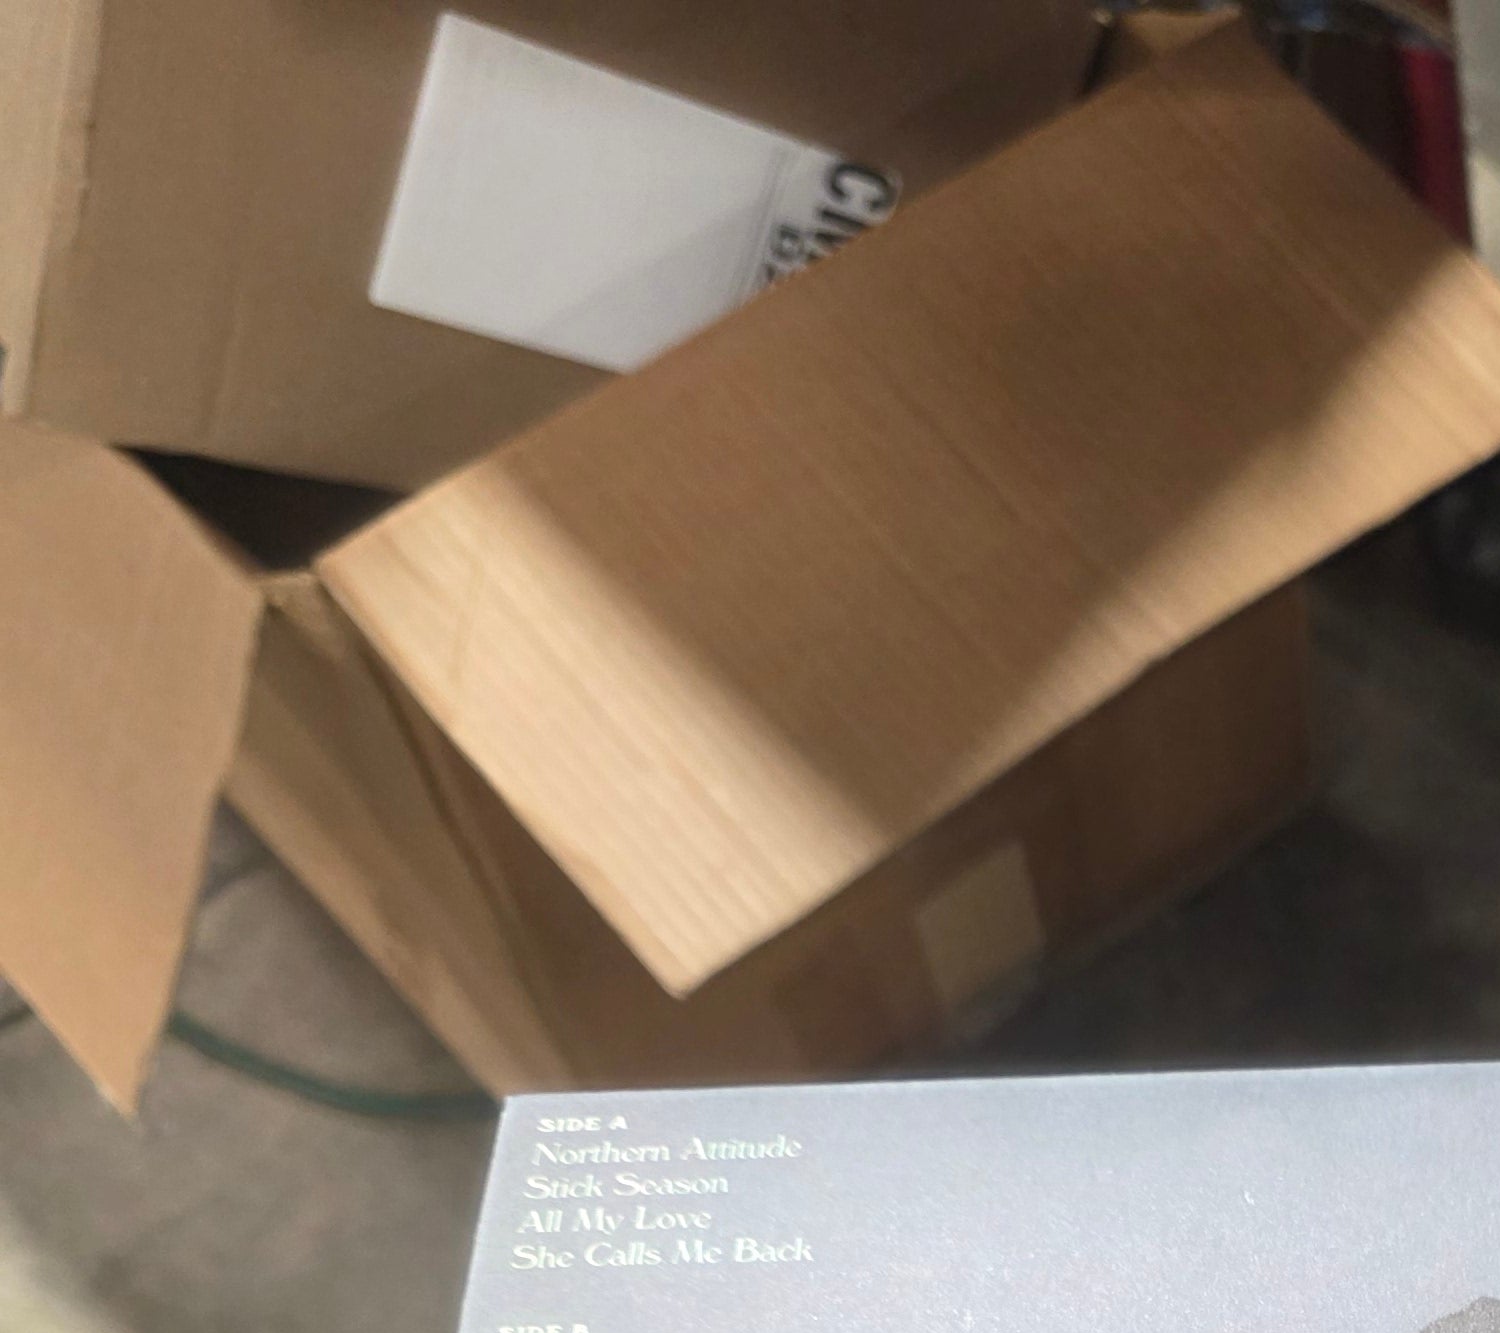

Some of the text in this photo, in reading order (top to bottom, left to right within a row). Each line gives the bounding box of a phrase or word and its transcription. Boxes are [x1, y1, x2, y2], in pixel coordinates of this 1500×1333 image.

[537, 1116, 628, 1133] SIDE A
[532, 1135, 803, 1167] Northern Attitude
[523, 1173, 729, 1200] Stick Season
[516, 1206, 712, 1235] All My Love
[510, 1237, 814, 1270] She Calls Me Back
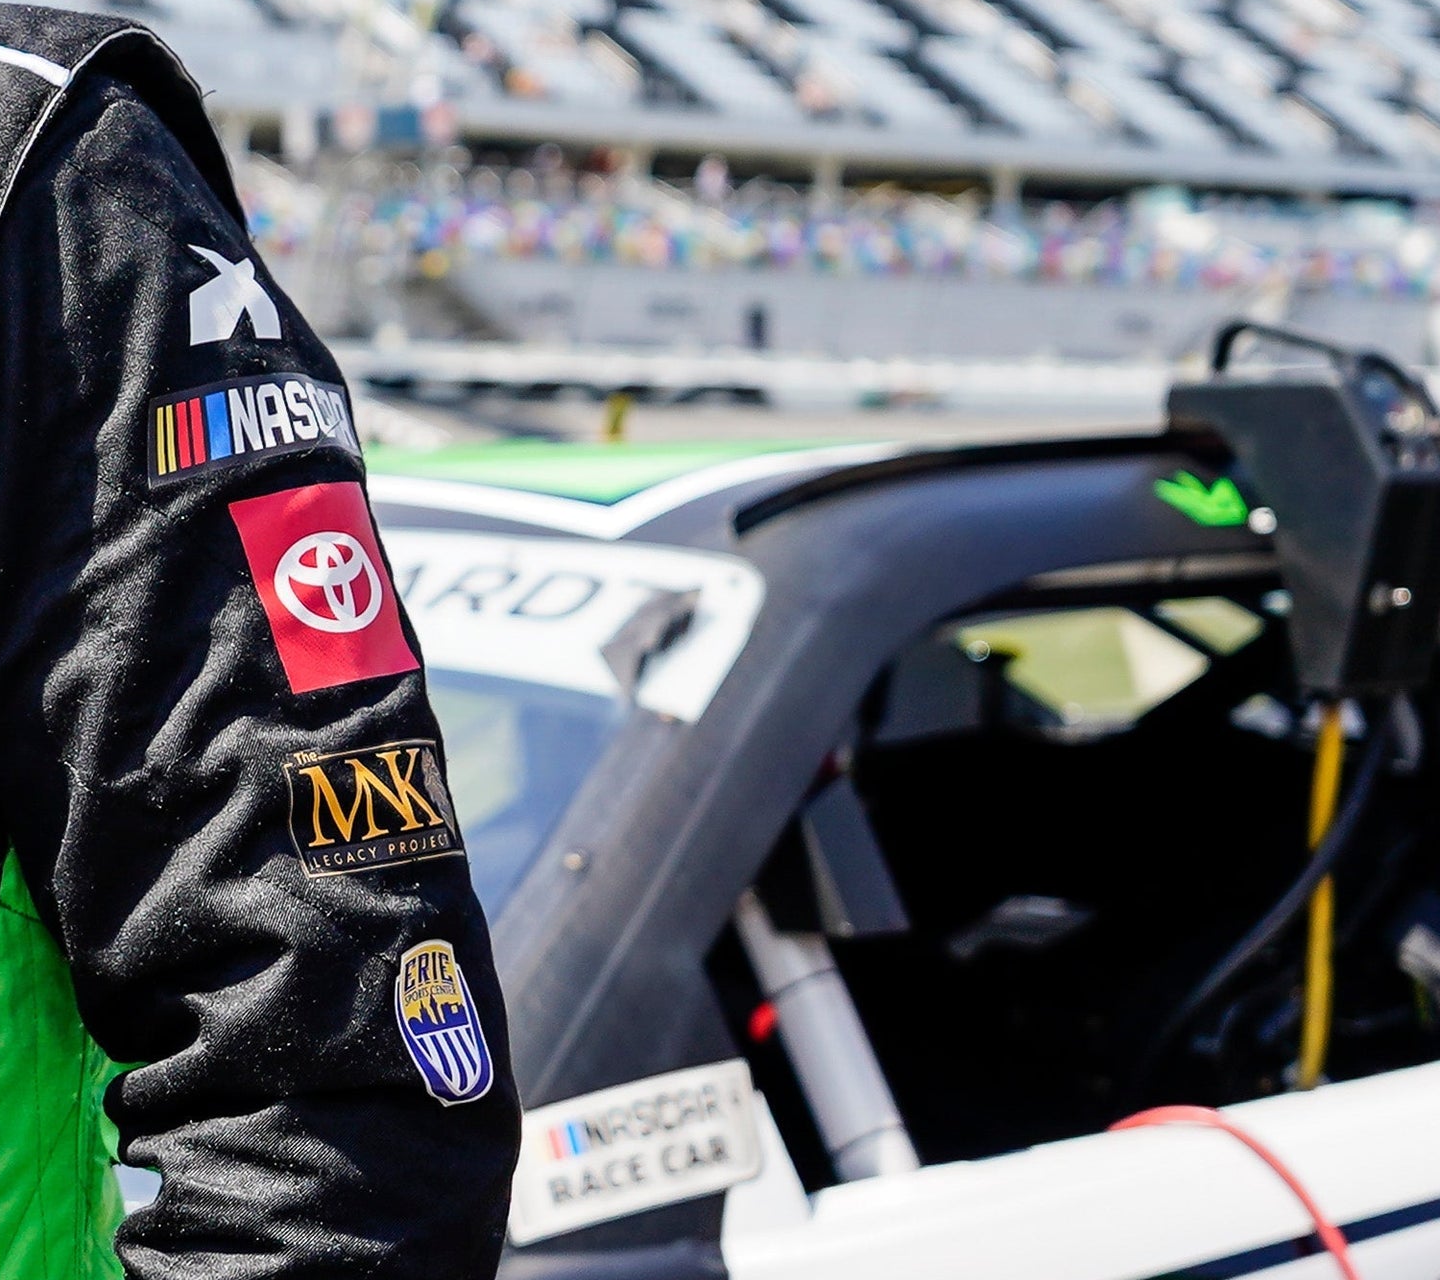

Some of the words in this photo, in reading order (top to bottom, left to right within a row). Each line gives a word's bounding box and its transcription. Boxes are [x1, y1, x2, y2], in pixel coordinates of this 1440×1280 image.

[294, 750, 319, 765] The
[309, 846, 377, 871] LEGACY
[387, 833, 449, 856] PROJECT
[404, 951, 453, 992] ERIE
[548, 1152, 646, 1204] RACE
[660, 1134, 729, 1176] CAR
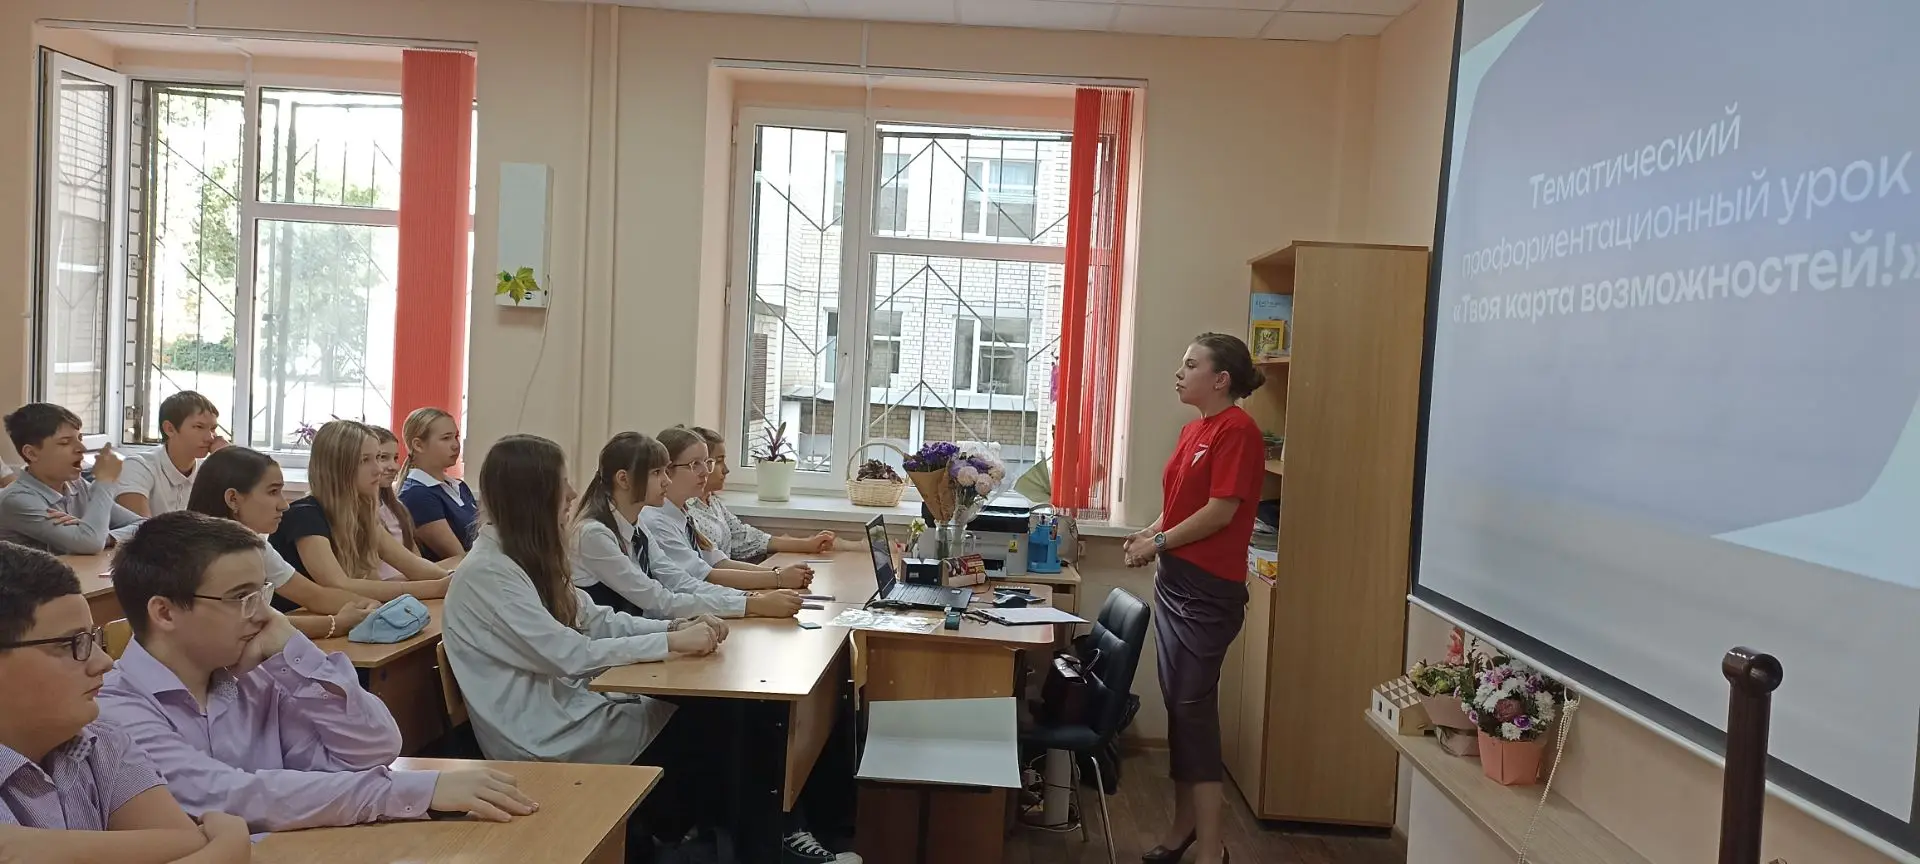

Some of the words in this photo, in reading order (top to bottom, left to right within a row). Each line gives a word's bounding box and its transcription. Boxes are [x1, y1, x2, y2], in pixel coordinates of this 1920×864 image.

**Task:** Each line above should be printed again exactly, though the pictures should not be.

**Written response:**
Some of the text in this photo, in reading order (top to bottom, left to right within a row). Each line gives the bounding box of a phrase or word and its transcription. Boxes are [x1, y1, x2, y2], in pixel coordinates of this 1500×1333 image.

[537, 1116, 628, 1133] SIDE A
[532, 1135, 803, 1167] Northern Attitude
[523, 1173, 729, 1200] Stick Season
[516, 1206, 712, 1235] All My Love
[510, 1237, 814, 1270] She Calls Me Back

Some of the words in this photo, in reading order (top to bottom, left to right within a row). Each line gives a word's bounding box and its transcription. Boxes are [x1, y1, x2, y2], in pixel coordinates of this 1440×1280 image.

[294, 750, 319, 765] The
[309, 846, 377, 871] LEGACY
[387, 833, 449, 856] PROJECT
[404, 951, 453, 992] ERIE
[548, 1152, 646, 1204] RACE
[660, 1134, 729, 1176] CAR

Some of the words in this photo, in reading order (top to bottom, left to right within a row). Each line gives a word's bounding box and its transcription. Boxes are [x1, y1, x2, y2], in pixel coordinates of this 1920×864 image.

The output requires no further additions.